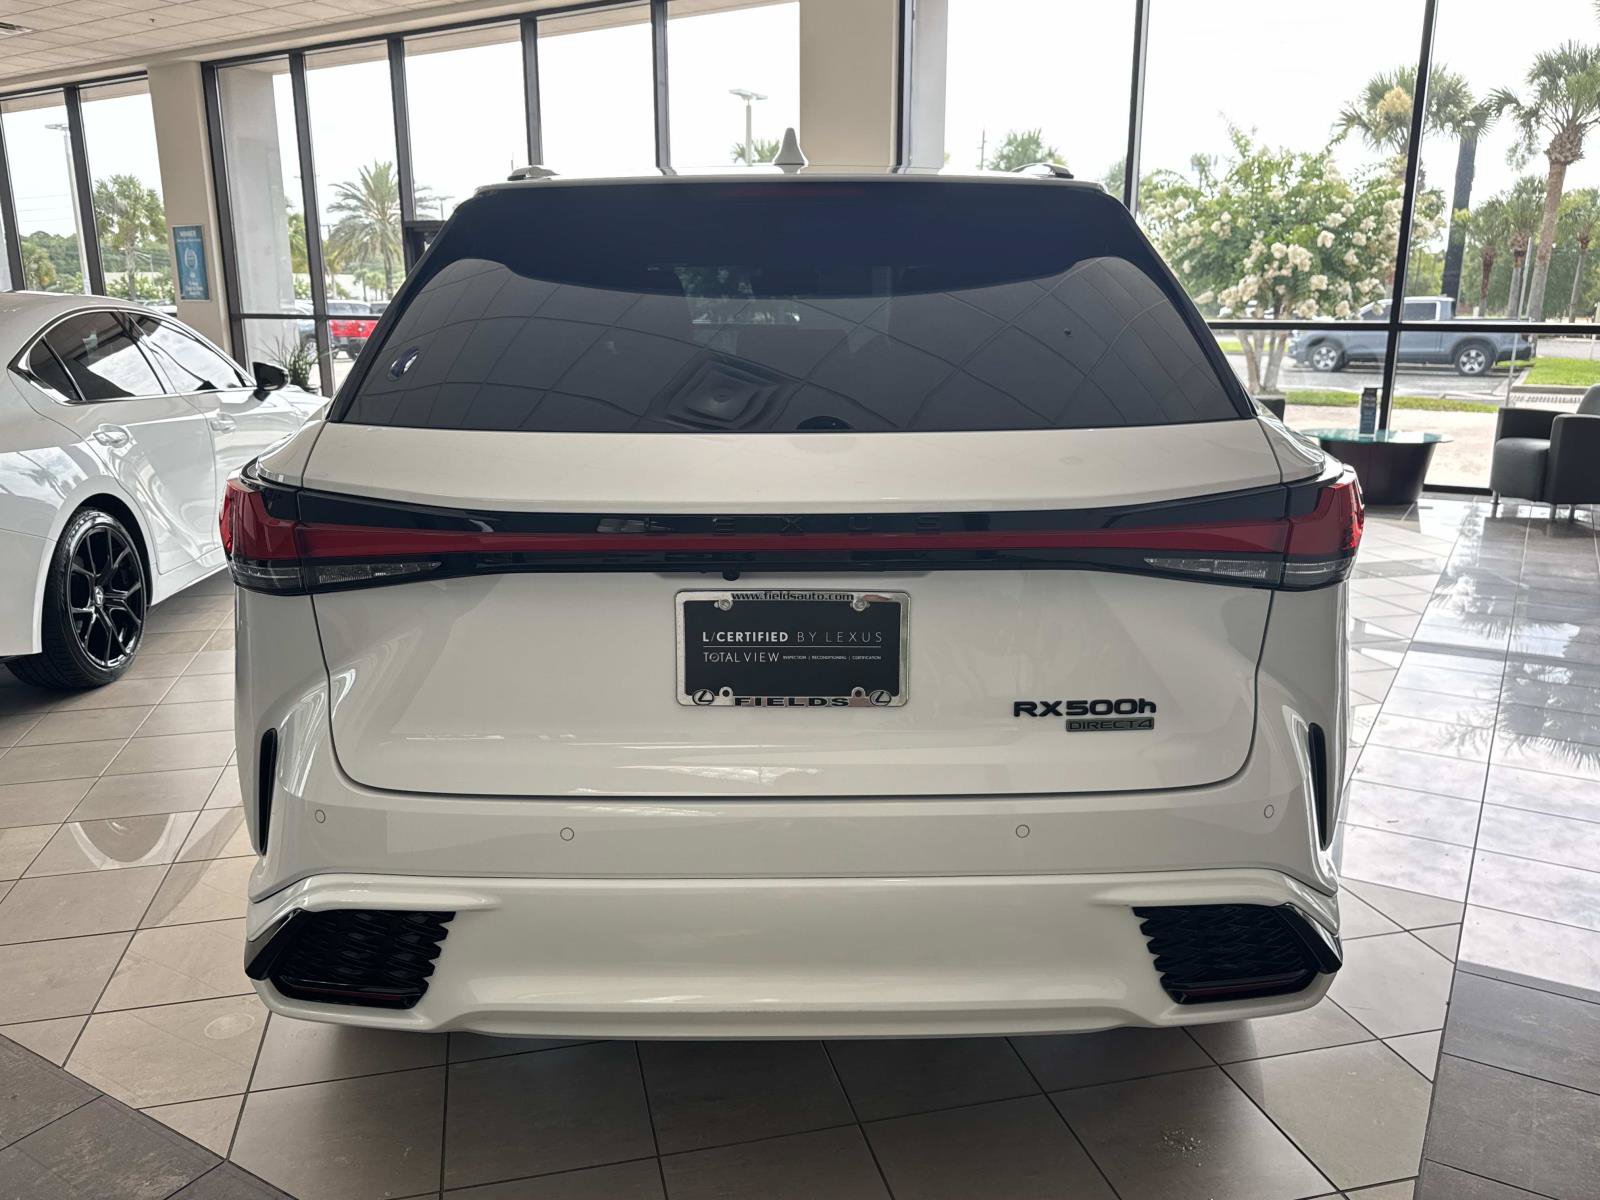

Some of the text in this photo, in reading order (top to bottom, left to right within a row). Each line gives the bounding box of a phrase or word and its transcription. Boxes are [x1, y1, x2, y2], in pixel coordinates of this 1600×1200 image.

[731, 591, 855, 601] www.fieldsauto.com
[797, 631, 817, 642] BY
[825, 631, 882, 642] LEXUS
[703, 652, 740, 663] TOTAL
[744, 652, 780, 663] VIEW
[735, 697, 849, 707] FIELDS
[1069, 719, 1153, 730] DIRECT4

Action item:
Repeat each line of the material exactly, and drop any image it carries.

Answer:
Some of the text in this photo, in reading order (top to bottom, left to right within a row). Each line gives the bounding box of a phrase or word and its transcription. Boxes are [x1, y1, x2, y2], in pixel coordinates of this 1600×1200 image.

[731, 591, 855, 601] www.fieldsauto.com
[797, 631, 817, 642] BY
[825, 631, 882, 642] LEXUS
[703, 652, 740, 663] TOTAL
[744, 652, 780, 663] VIEW
[735, 697, 849, 707] FIELDS
[1069, 719, 1153, 730] DIRECT4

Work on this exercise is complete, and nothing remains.